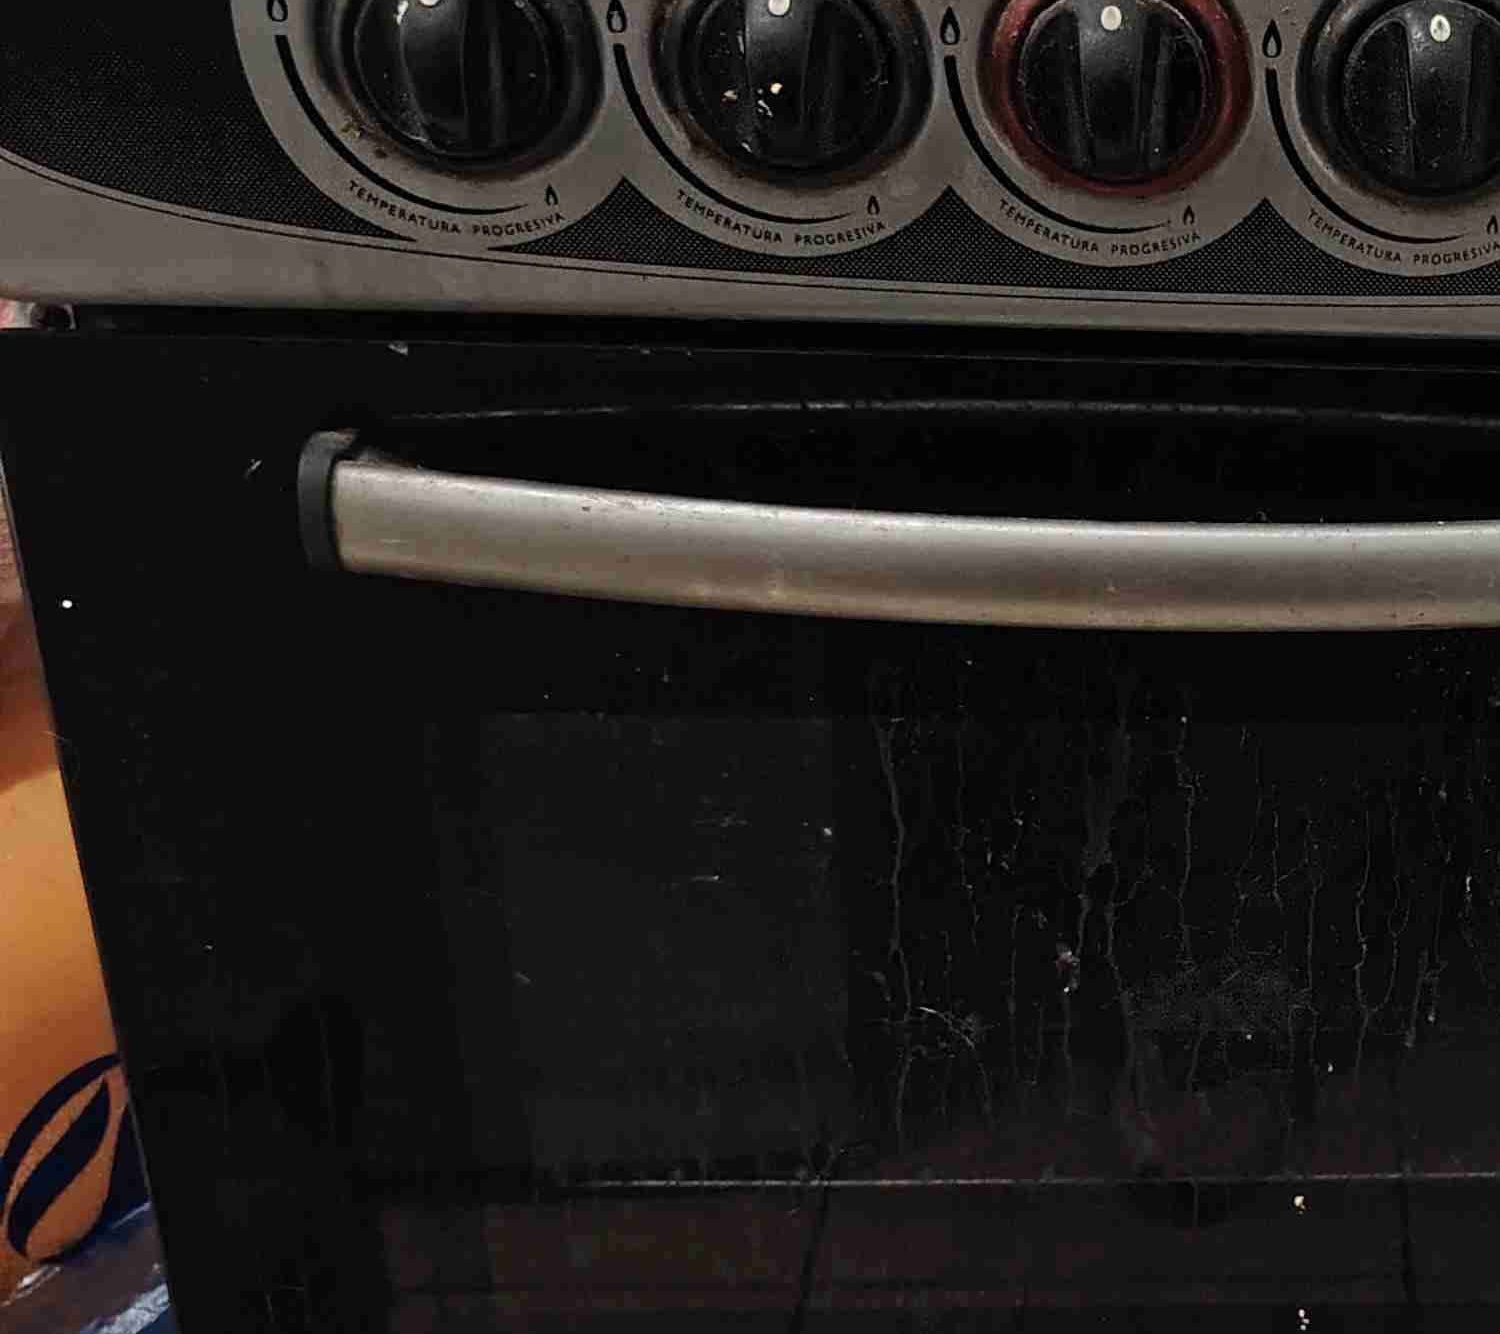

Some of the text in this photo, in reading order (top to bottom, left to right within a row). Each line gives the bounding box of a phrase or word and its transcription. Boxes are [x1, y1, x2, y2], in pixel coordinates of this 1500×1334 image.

[349, 180, 565, 236] TEMPERATURA PROGRESIVA
[677, 188, 886, 245] TEMPERATURA PROGRESIVA
[999, 198, 1201, 256] TEMPERATURA PROGRESIVA
[1307, 207, 1500, 265] TEMPERATURA PROGRESIVA
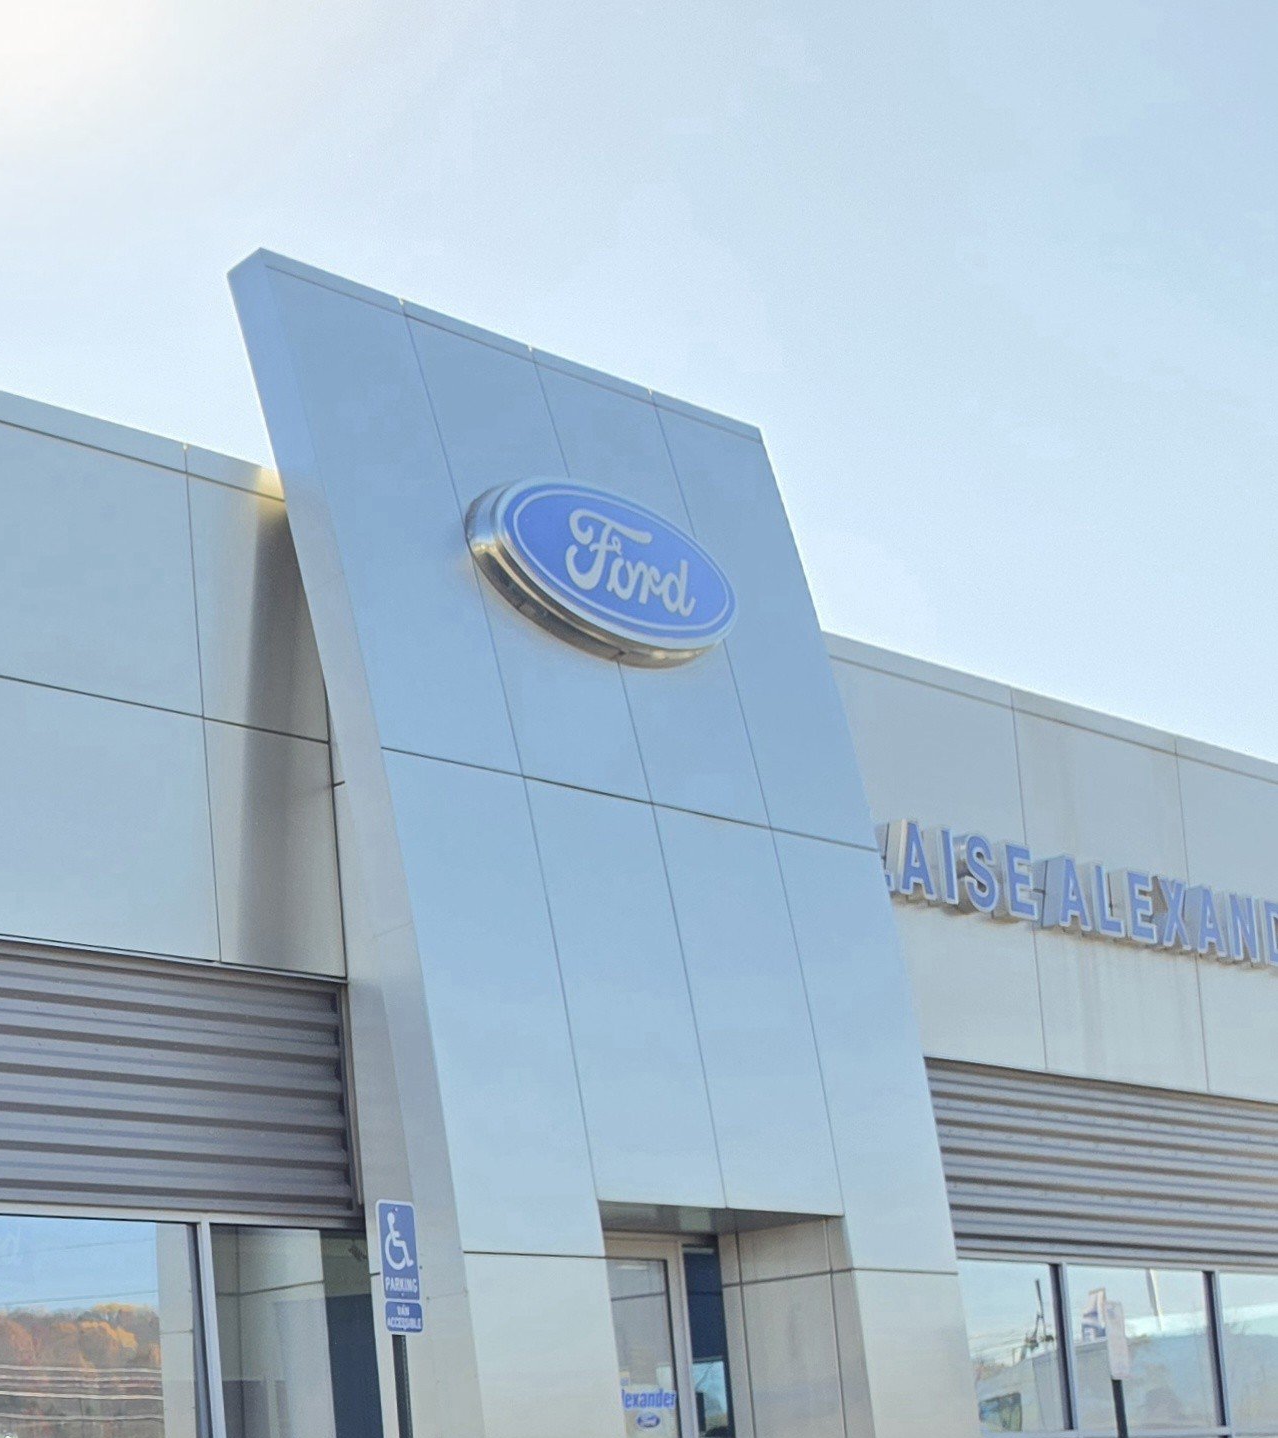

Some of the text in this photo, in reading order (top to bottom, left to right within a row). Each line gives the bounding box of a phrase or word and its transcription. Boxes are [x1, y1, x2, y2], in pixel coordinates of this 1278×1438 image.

[565, 509, 696, 617] Ford
[884, 820, 1040, 921] AISE
[385, 1276, 418, 1293] PARKING
[396, 1304, 410, 1316] VAN
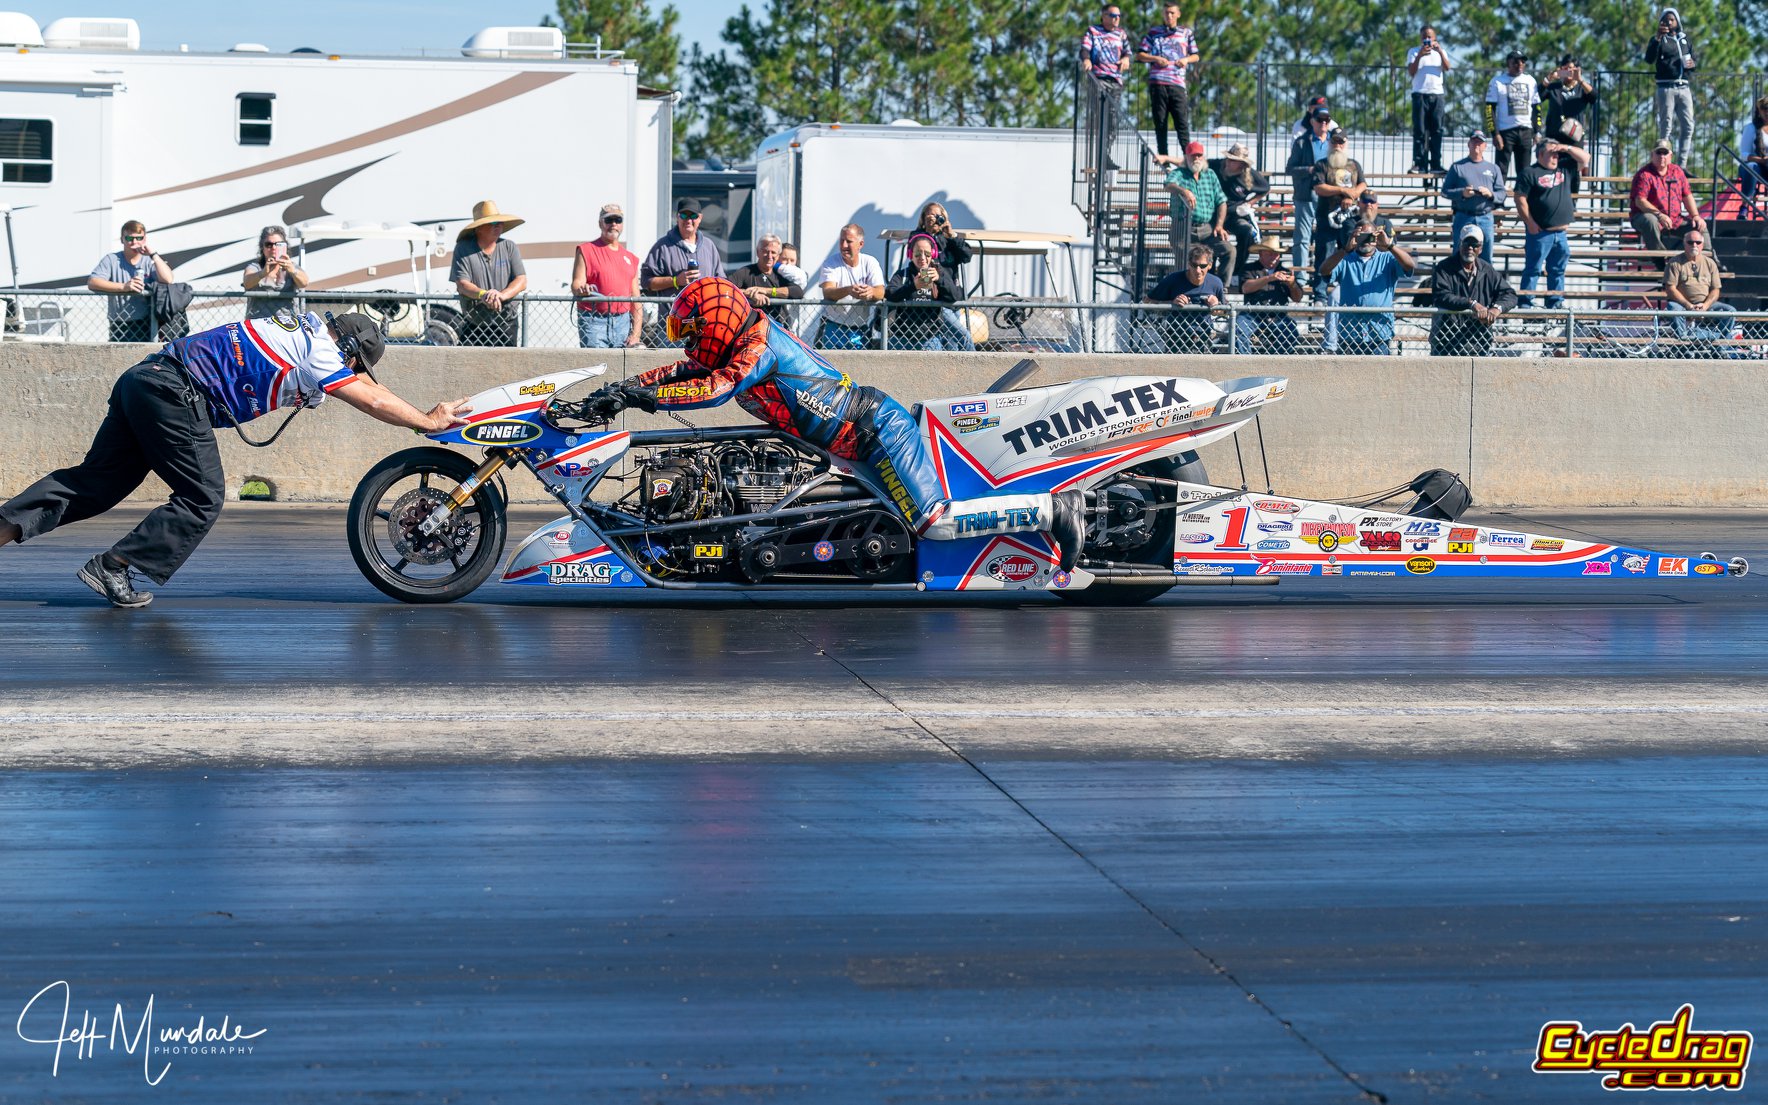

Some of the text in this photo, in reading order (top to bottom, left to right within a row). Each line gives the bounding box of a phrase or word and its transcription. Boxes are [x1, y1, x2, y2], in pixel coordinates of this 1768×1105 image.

[801, 390, 832, 417] DRAG
[953, 403, 985, 414] APE
[1003, 379, 1189, 455] TRIM-TEX
[1049, 430, 1096, 450] WORLD'S
[1099, 413, 1157, 434] STRONGEST
[555, 463, 581, 477] VP
[954, 507, 1040, 533] TRIM-TEX
[1359, 517, 1379, 526] PR
[1214, 506, 1250, 551] 1
[1406, 521, 1441, 532] MPS
[1360, 530, 1401, 541] VALCO
[1491, 534, 1524, 543] Ferrea
[1257, 540, 1290, 549] COMETIC
[1448, 542, 1473, 553] PJ1
[695, 545, 724, 557] PJ1
[1002, 563, 1035, 573] RED LINE
[1583, 562, 1611, 573] XDA
[1659, 558, 1687, 571] EK
[1696, 565, 1712, 573] BST
[549, 563, 611, 578] DRAG
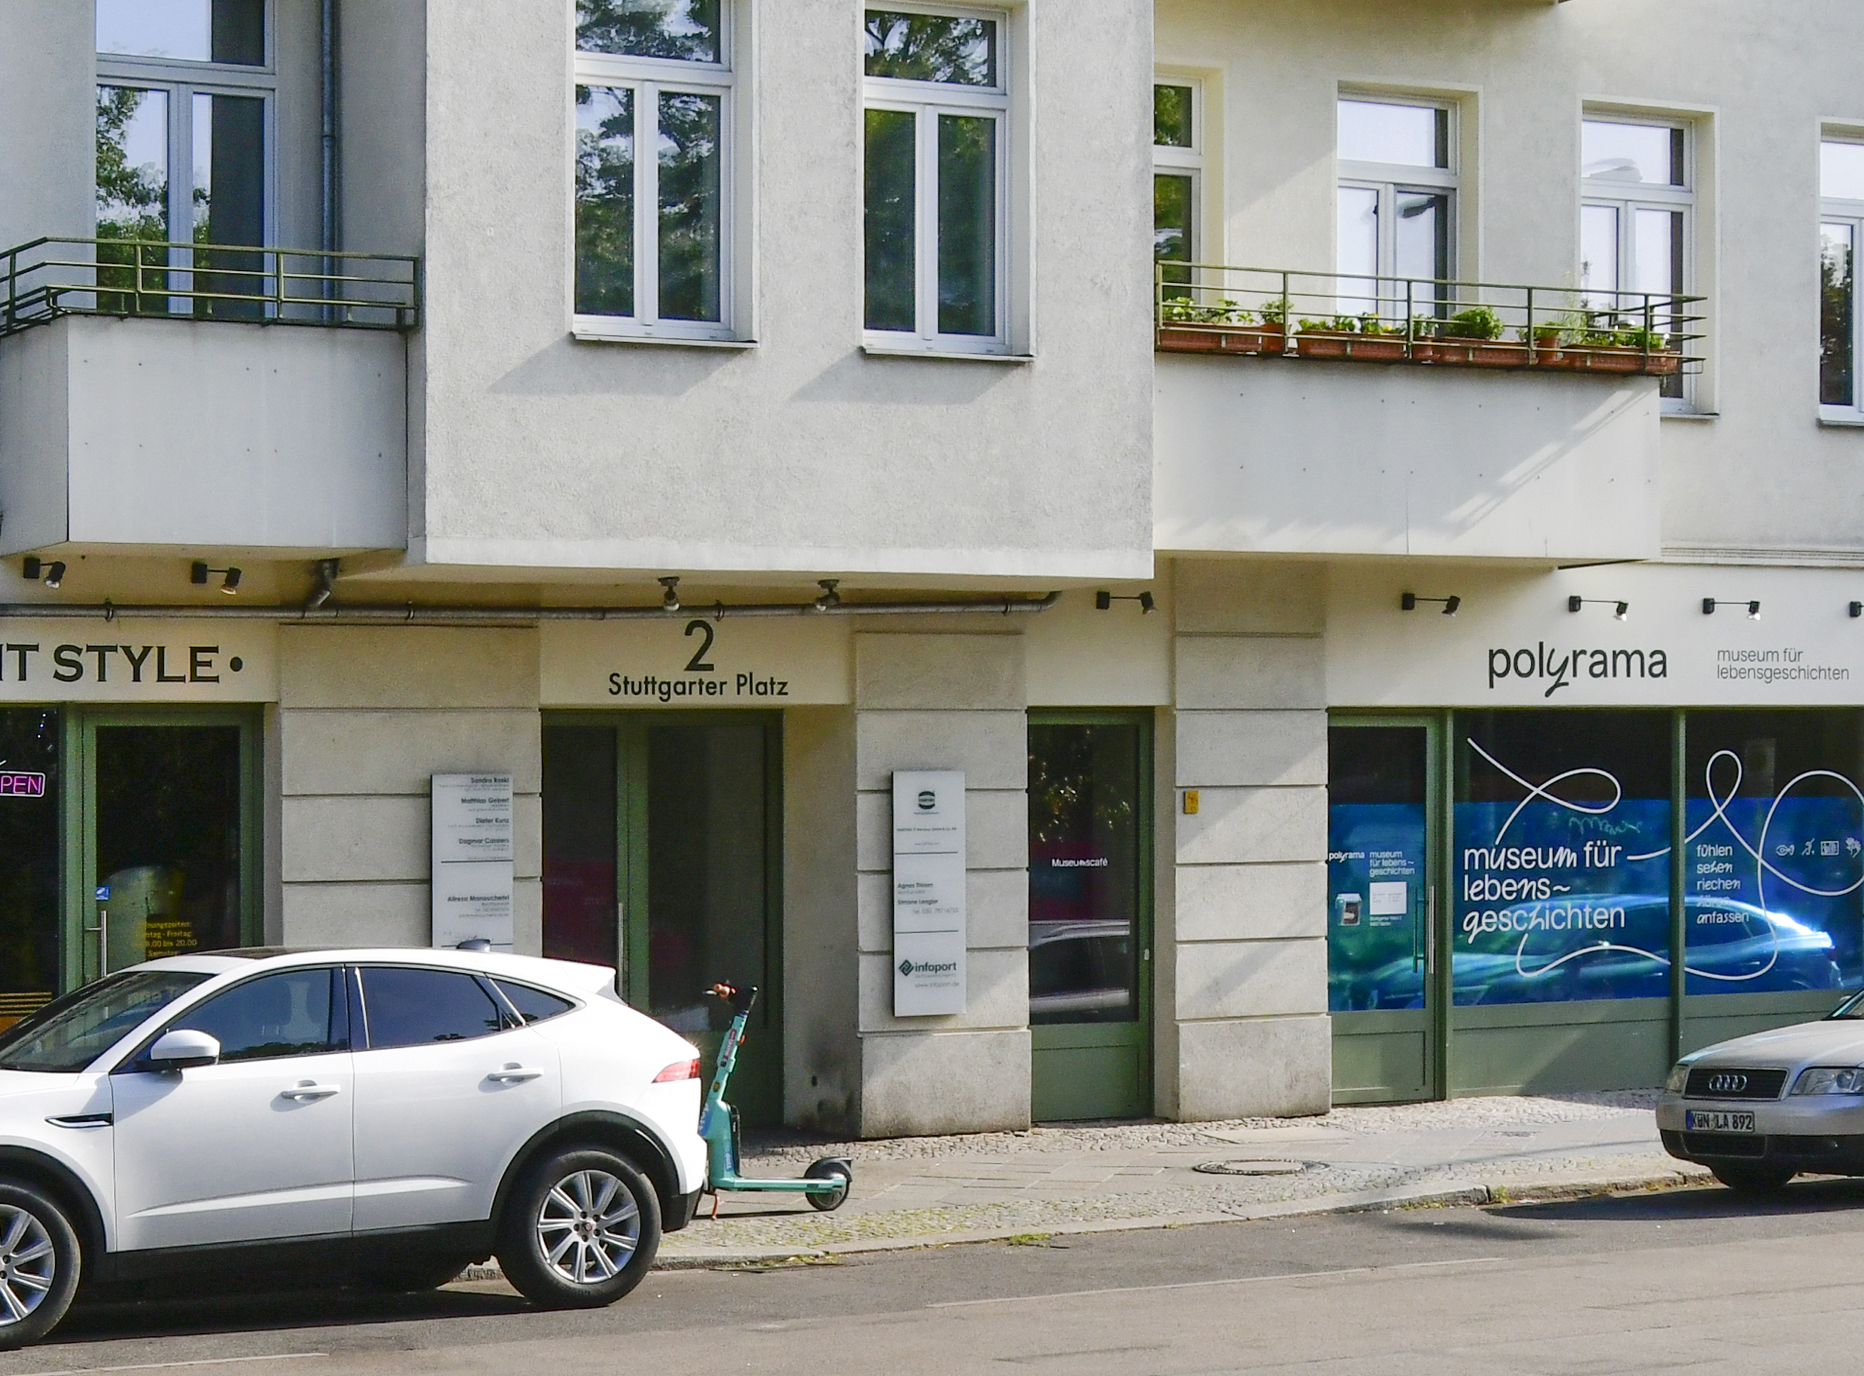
________________________
◆ Assignment ◆
From top to bottom, restate the records above exactly and omit every picture.

◆ Worked solution ◆
Some of the text in this photo, in reading order (top to bottom, left to right within a row). Each line gives the bounding box of a phrase or word and its transcription. Boxes are [x1, y1, x2, y2], in pixel coordinates of this 1500×1334 image.

[349, 180, 565, 236] TEMPERATURA PROGRESIVA
[677, 188, 886, 245] TEMPERATURA PROGRESIVA
[999, 198, 1201, 256] TEMPERATURA PROGRESIVA
[1307, 207, 1500, 265] TEMPERATURA PROGRESIVA

Some of the text in this photo, in reading order (top to bottom, left to right within a row). Each line gives the bounding box of a phrase or word and its transcription. Boxes are [x1, y1, x2, y2], in pixel coordinates of this 1278×1438 image.

[565, 509, 696, 617] Ford
[884, 820, 1040, 921] AISE
[385, 1276, 418, 1293] PARKING
[396, 1304, 410, 1316] VAN

Some of the text in this photo, in reading order (top to bottom, left to right within a row). Each line gives the bounding box of a phrase or word and its transcription. Boxes are [x1, y1, x2, y2], in pixel coordinates of this 1768×1105 image.

[801, 390, 832, 417] DRAG
[953, 403, 985, 414] APE
[1003, 379, 1189, 455] TRIM-TEX
[1049, 430, 1096, 450] WORLD'S
[1099, 413, 1157, 434] STRONGEST
[555, 463, 581, 477] VP
[954, 507, 1040, 533] TRIM-TEX
[1359, 517, 1379, 526] PR
[1214, 506, 1250, 551] 1
[1406, 521, 1441, 532] MPS
[1360, 530, 1401, 541] VALCO
[1491, 534, 1524, 543] Ferrea
[1257, 540, 1290, 549] COMETIC
[1448, 542, 1473, 553] PJ1
[695, 545, 724, 557] PJ1
[1002, 563, 1035, 573] RED LINE
[1583, 562, 1611, 573] XDA
[1659, 558, 1687, 571] EK
[1696, 565, 1712, 573] BST
[549, 563, 611, 578] DRAG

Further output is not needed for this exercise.